A parte tutto questo discorso, che potrete approfondire leggendo il mio ultimo libro (che s’intitola Consigli contro gli acquisti, ovviamente!), ora ho motivazioni forse più forti, che interessano chi non recepisce il messaggio “ho davvero bisogno di…?”, chi non vuole sentir parlare di decrescita perché sennò “l’economia va a pallino” eccetera. Ciò che ho letto con orrore – e immaginavo già qualcosa, ma non così! – e che vi propongo è un articolo sulla multinazionale Amazon. Vi sono testimonianze autentiche, perché una giornalista si è fatta assumere (temporaneamente) in una filiale gallese. Si legge di diritti – negati – dei lavoratori, di turni di lavoro massacranti, di licenziamenti ingiusti…  Non dico altro, limitandomi a proporre un boicottaggio, se non degli acquisti tout court  (magari nella giornata del 2 dicembre, quella in cui si vende di più online, lo scopro dall’articolo), almeno di quelli tramite Amazon. Perché? Leggete qui:

Fonte: “Gli schiavi di Babbo Natale”, “Internazionale”, 20 dicembre 2013

Contratti precari, turni di lavoro massacranti, licenziamenti facili. Una giornalista dell’“Observer” racconta quello che ha visto lavorando per una settimana in un magazzino di Amazon

La prima cosa che vedo nel magazzino di Amazon a Swansea, in Galles, è un pacco di pannolini per cani. La seconda cosa che vedo è un enorme vibratore di plastica rosa. La superficie del magazzino è di 74mila metri quadrati o, secondo l’unità di misura standard di Amazon, l’equivalente di undici campi da calcio […]. Insomma, c’è posto per un sacco di roba inutile. Sul sito britannico di Amazon sono in vendita cento milioni di articoli.
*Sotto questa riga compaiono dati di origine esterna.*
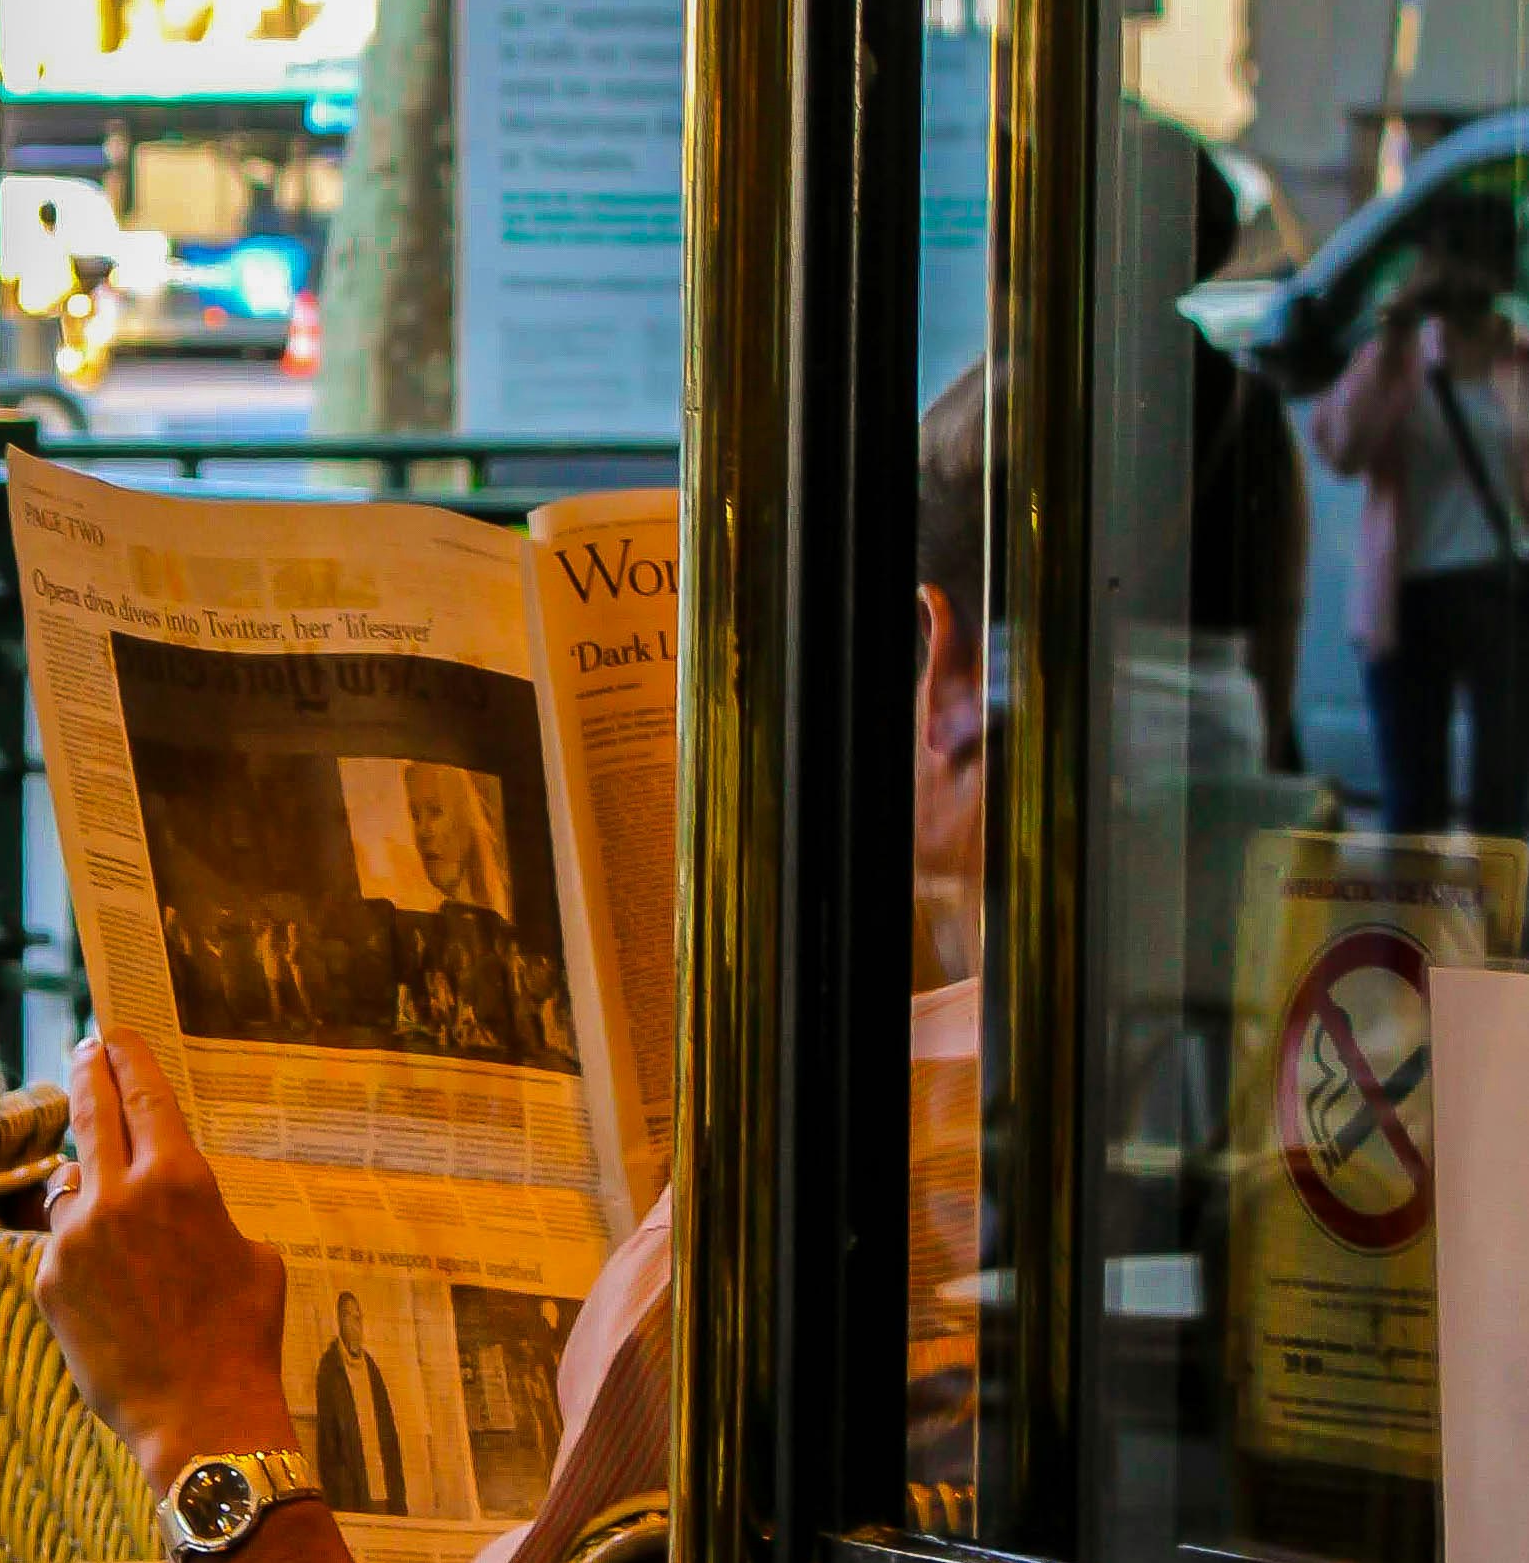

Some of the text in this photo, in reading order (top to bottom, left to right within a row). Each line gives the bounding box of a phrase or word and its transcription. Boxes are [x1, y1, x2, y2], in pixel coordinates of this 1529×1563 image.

Qualsiasi cosa possiate immaginare, Amazon la vende. E se c’è qualcosa che non riuscite a immaginare, Amazon vende anche quella. Quando si passano dieci ore e mezza al giorno a prelevare articoli dagli scaffali ci si ritrova davanti ai recessi più oscuri del consumismo, agli oggetti più stravaganti, a tutto ciò che si può comprare con il denaro: braccialetti della fortuna degli One Direction, tutine per cani, grattiere per gatti a forma di console per dj, affetta-banane […] cibi biologici per cani vegetariani, per cani diabetici e per cani obesi, televisori da 52 pollici, confezioni di acqua da 6 bottiglie importate dalle Fiji […]. Amazon è il futuro dello shopping: […] e pagare meno tasse possibili è il futuro del business globale. Un futuro in cui le multinazionali avranno più potere dei governi.

Le ragioni del successo

Alzi la mano chi non ha mai fatto un ordine su Amazon durante una pausa al lavoro, o magari guardando la tv in pigiama, per poi vedersi recapitare a distanza di due giorni – piccolo miracolo della vita moderna – il caratteristico pacchetto di cartoncino marrone. C’è un motivo se Amazon ha successo: è bravissima in quello che fa. “[…] Ha risolto il problema di come immagazzinare decine di migliaia di prodotti e di come farli arrivare alle persone in tempo, […] nelle ultime 24 ore abbiamo prelevato e imballato 155mila articoli. Domani, 2 dicembre (il giorno dell’anno in cui si fanno più acquisti on-line), arriveremo a 450mila. […] Per l’azienda il Natale è come il Vietnam: una prova di carattere, una sfida capace di mettere in ginocchio e gettare nella disperazione anche il manager della distribuzione più esperto. Nelle ultime due settimane Amazon si è affidata a più di 15mila collaboratori esterni solo nel Regno Unito. Nei prossimi tre anni raddoppierà il numero dei magazzini nel paese. […] L’obiettivo è confermare la crescita che ha fatto diventare l’azienda una delle più importanti multinazionali del pianeta.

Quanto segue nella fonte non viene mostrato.